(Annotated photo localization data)
-----

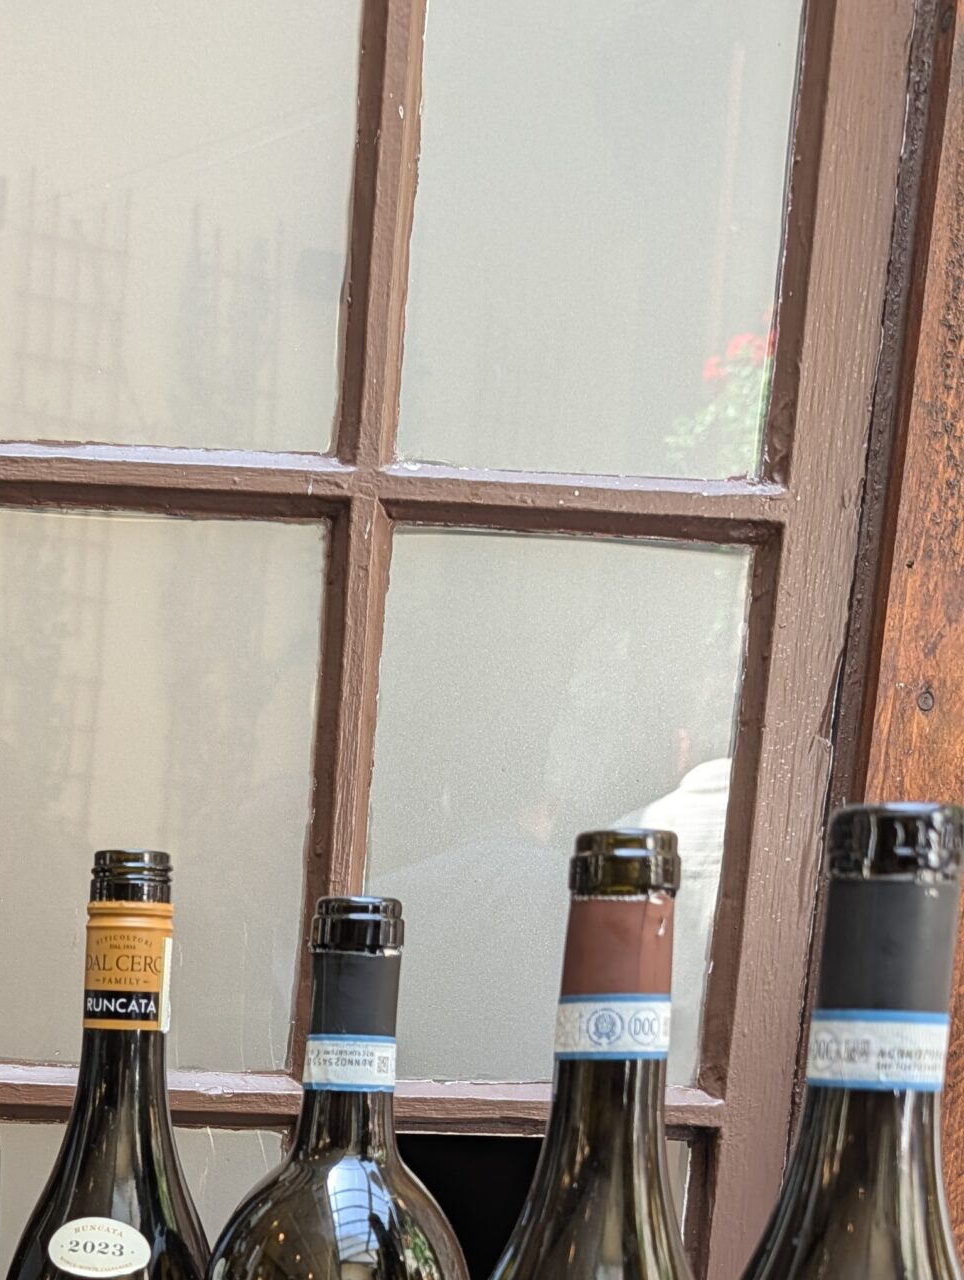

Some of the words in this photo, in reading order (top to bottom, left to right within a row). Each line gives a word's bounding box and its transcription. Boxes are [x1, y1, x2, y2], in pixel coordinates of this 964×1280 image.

[102, 976, 141, 985] FAMILY
[86, 998, 157, 1014] RUNCATA
[74, 1225, 123, 1237] RUNCATA
[68, 1239, 125, 1257] 2023
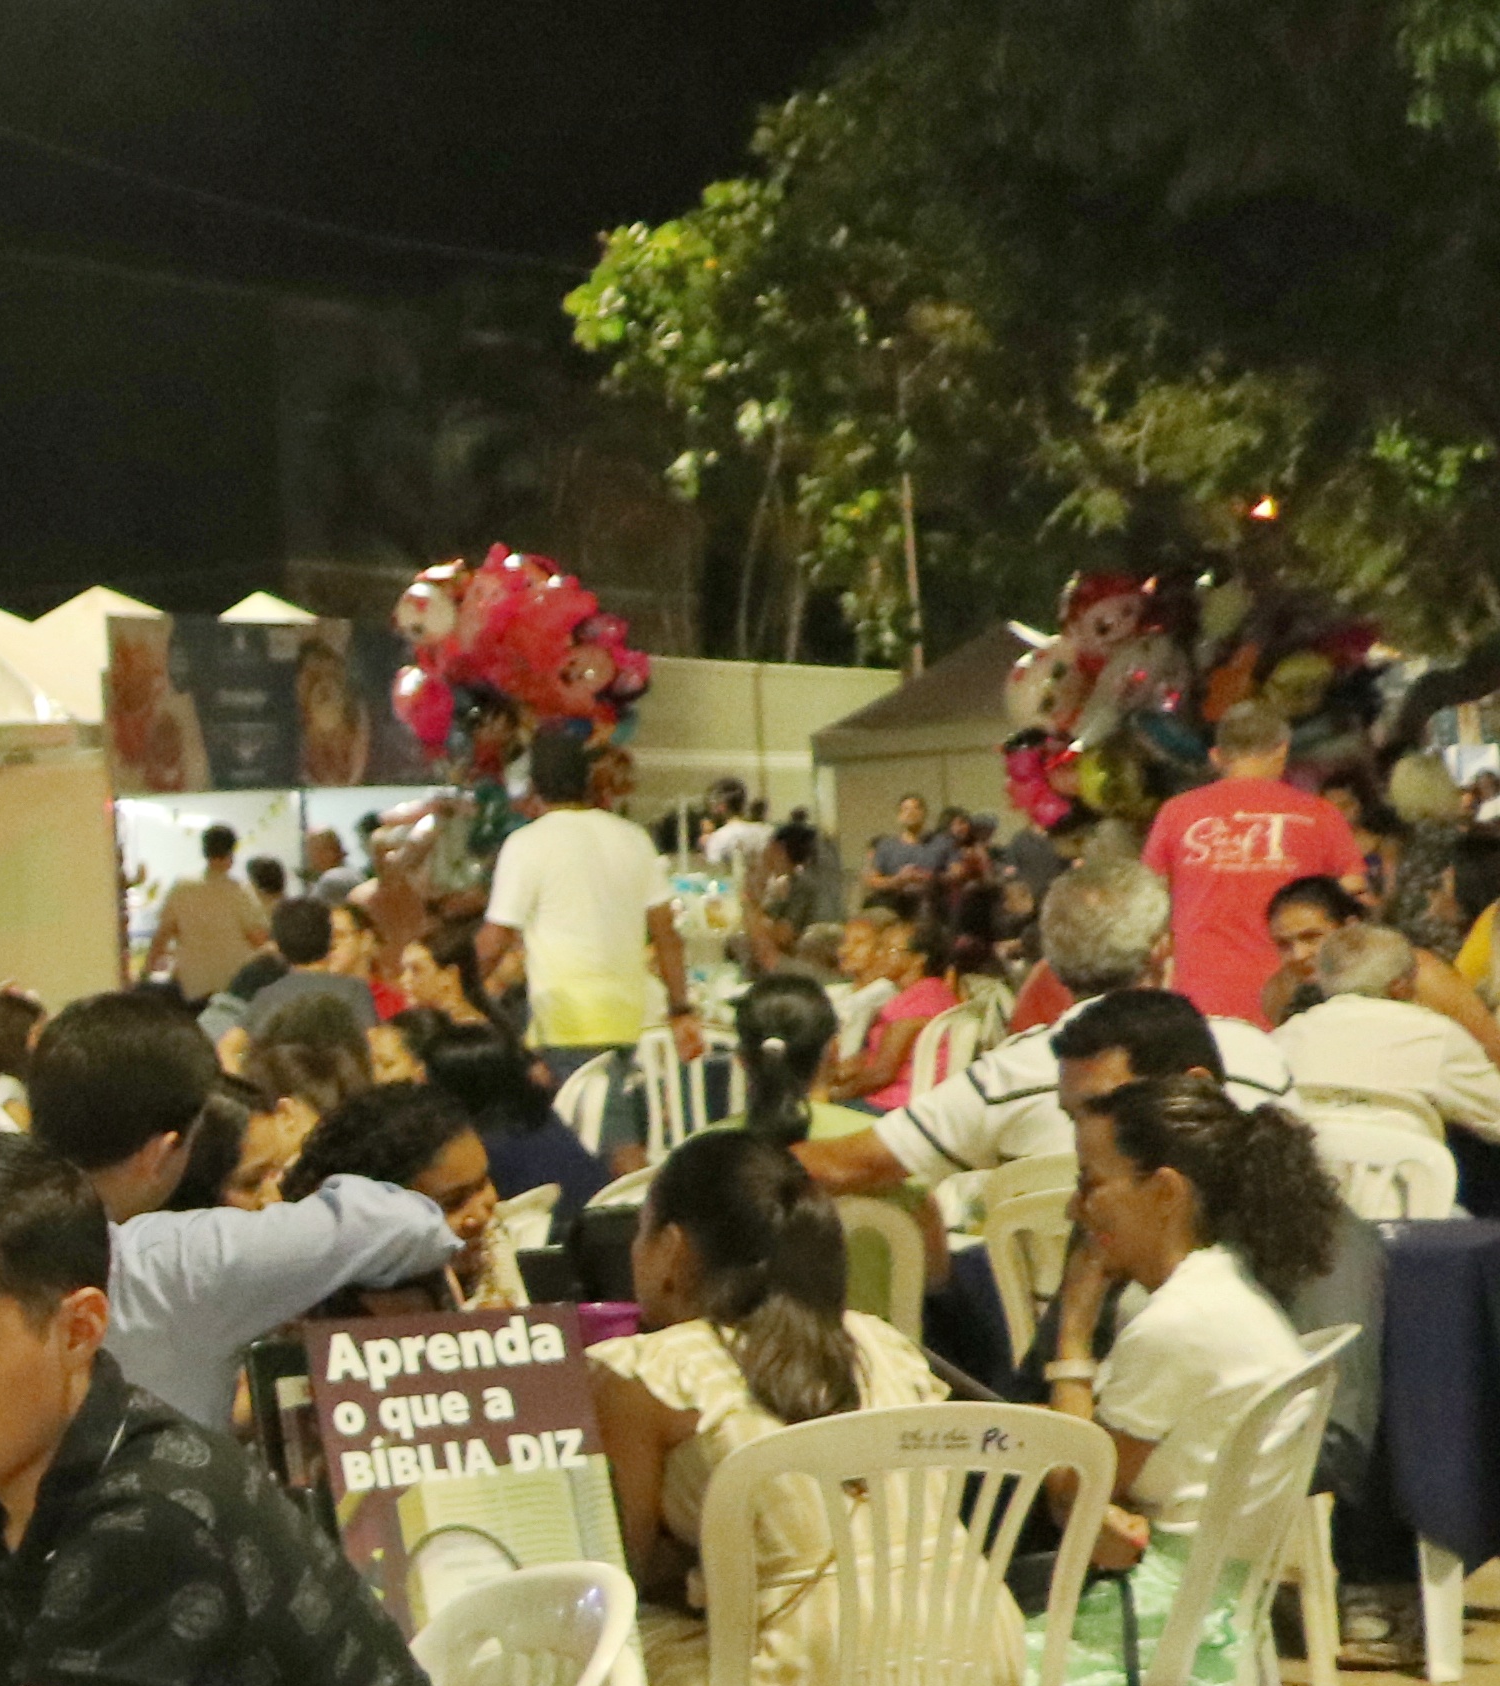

-----

Exercise description: Each line of the data is to be duplicated exactly; pictures stay out of the copy.

Solution for this task:
Some of the words in this photo, in reading order (top to bottom, left to right within a row). Each line gives a word's bounding box and its transcription. Boxes are [x1, y1, x2, y2], in pixel coordinates of this 964×1280 image.

[102, 976, 141, 985] FAMILY
[86, 998, 157, 1014] RUNCATA
[74, 1225, 123, 1237] RUNCATA
[68, 1239, 125, 1257] 2023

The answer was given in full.